When she finally called to ask where I was, because she hadn’t seen me in so long, she mentioned that she bumped into him at the gas station, and said he asked how I was.

I’ll never forget that phone call.

She was crying to me , asking how I could ruin something so good , begging me to get back together with him because he missed me. As if she wasn’t the reason he broke up with me. Like her ruining his parent’s marriage was my fault.
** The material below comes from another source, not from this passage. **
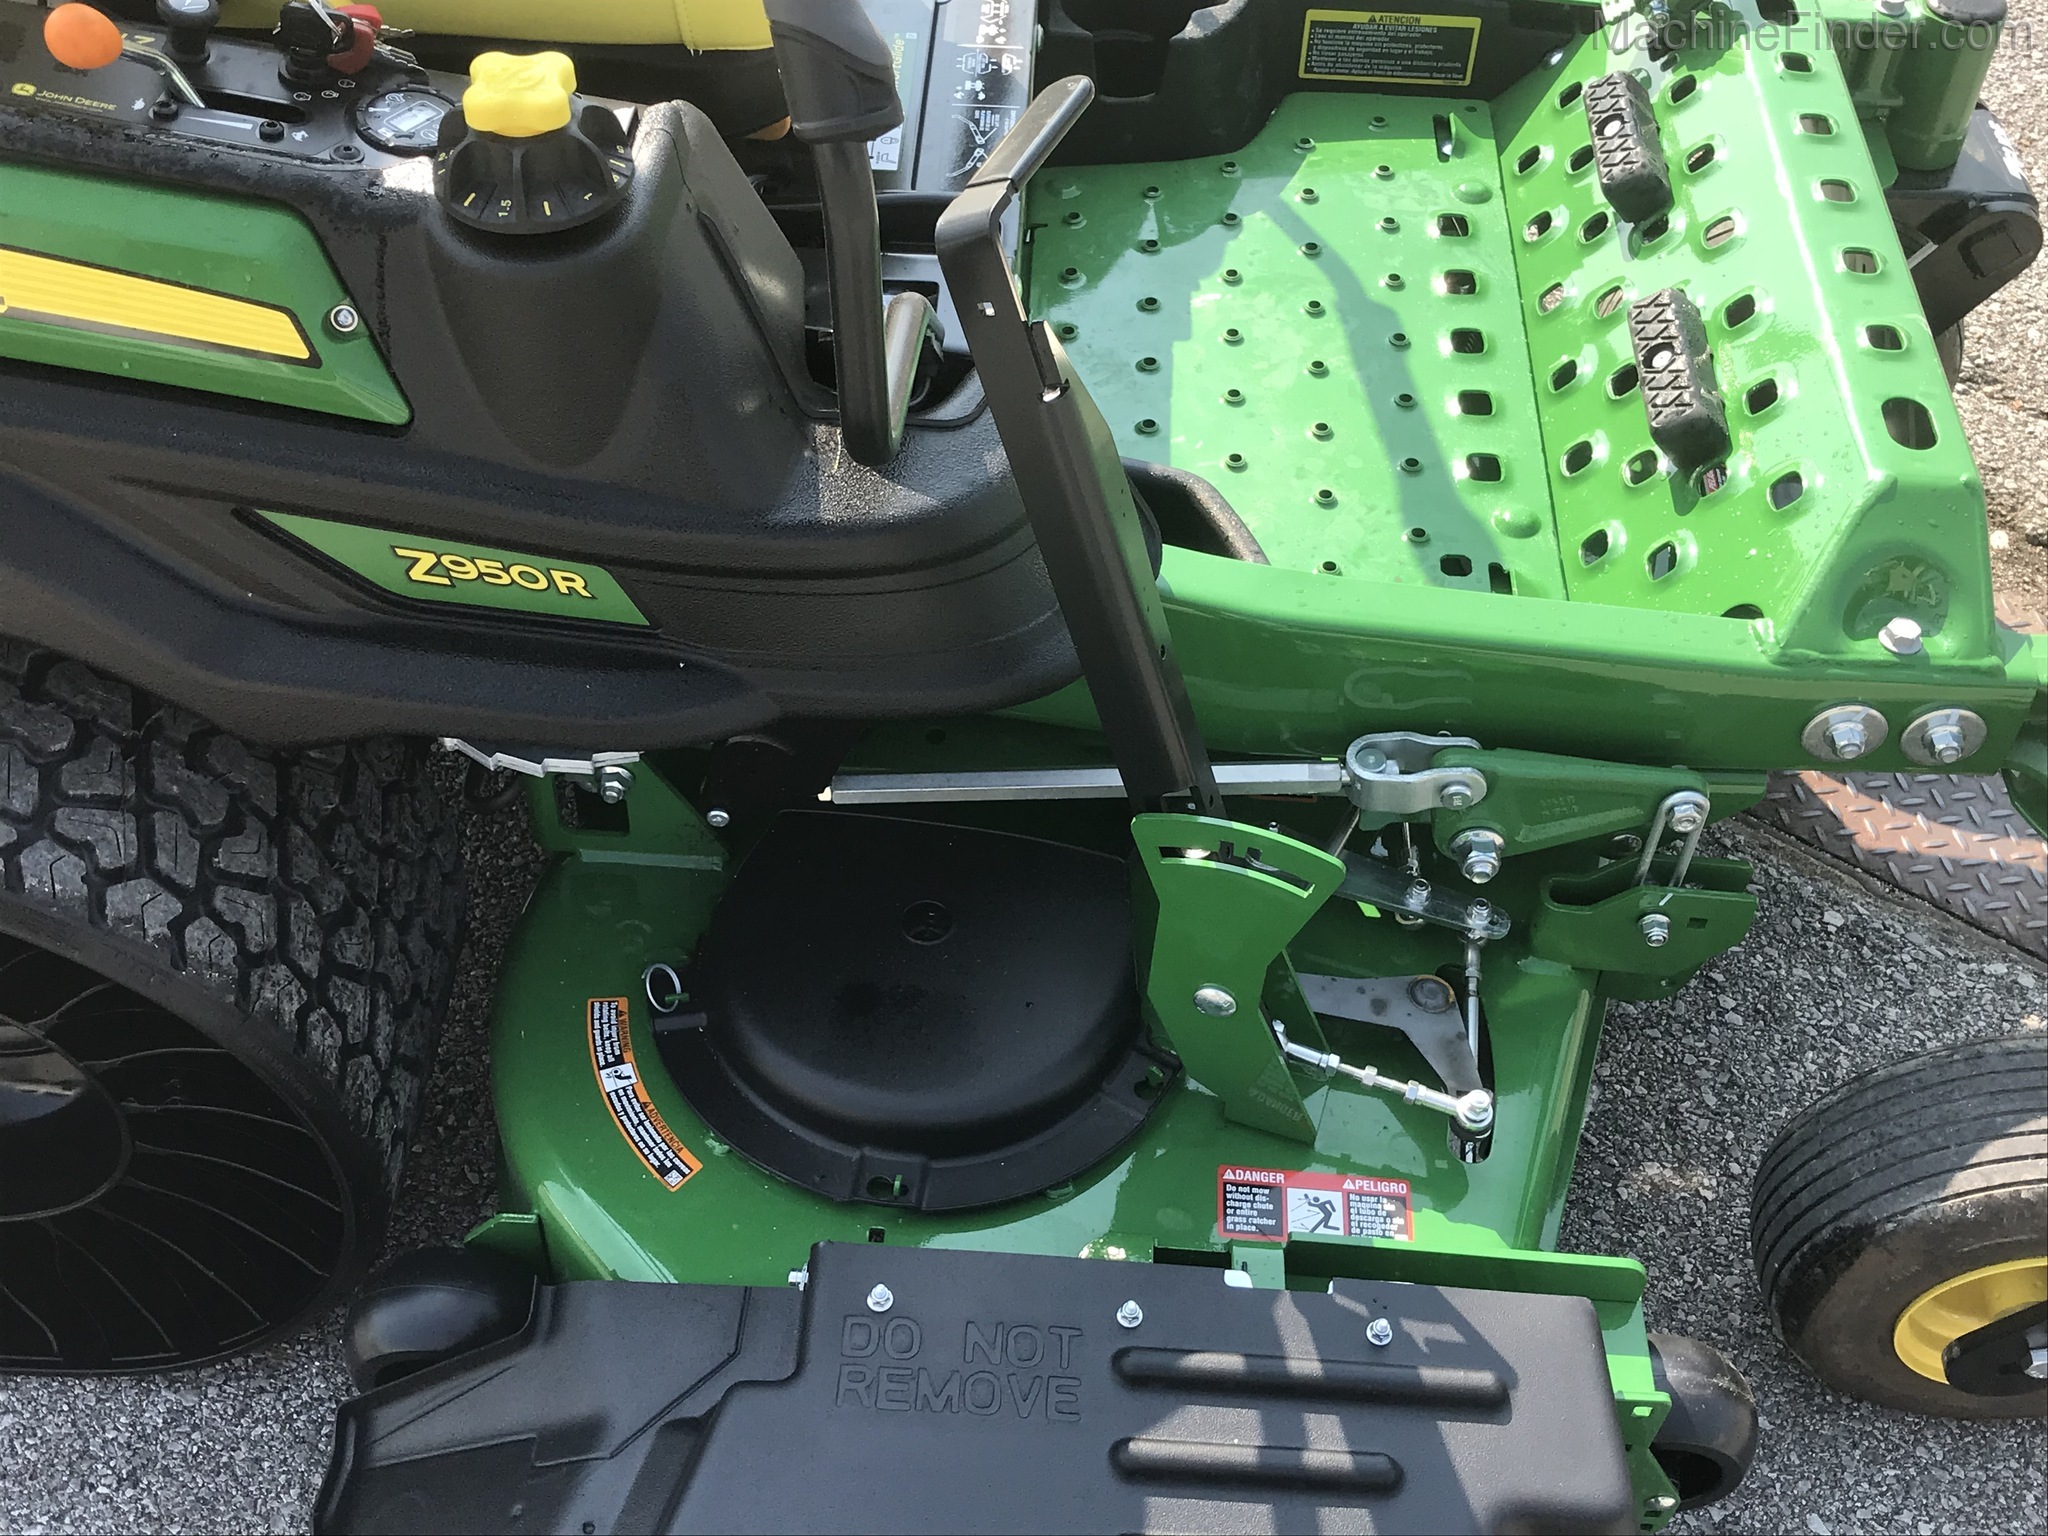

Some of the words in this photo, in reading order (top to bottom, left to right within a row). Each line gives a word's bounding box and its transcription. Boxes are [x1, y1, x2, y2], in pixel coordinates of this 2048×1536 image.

She’s always had a hard time understanding that I don’t need another friend in this life. I may not have many, but the ones I do have, mean everything to me.

But I did need a mother.

Did being the key word.

I’ve come to realize that while having a motherly figure in your life is important, you can get by without one. That’s exactly what I’ve done, because she gave me no choice.

The more something triggers my memory about my upbringing, the more I know I made the right decision in not sticking by her side through all of this.

I wasn’t brave enough to say it all to her face, but maybe one day I will be.

If the roles were reversed, she probably would’ve just left me on my apartment floor for somebody else to eventually find.

“I‘ll be back,” Cole tells me with a kiss on the cheek, throwing a t-shirt over his head before rushing out the door.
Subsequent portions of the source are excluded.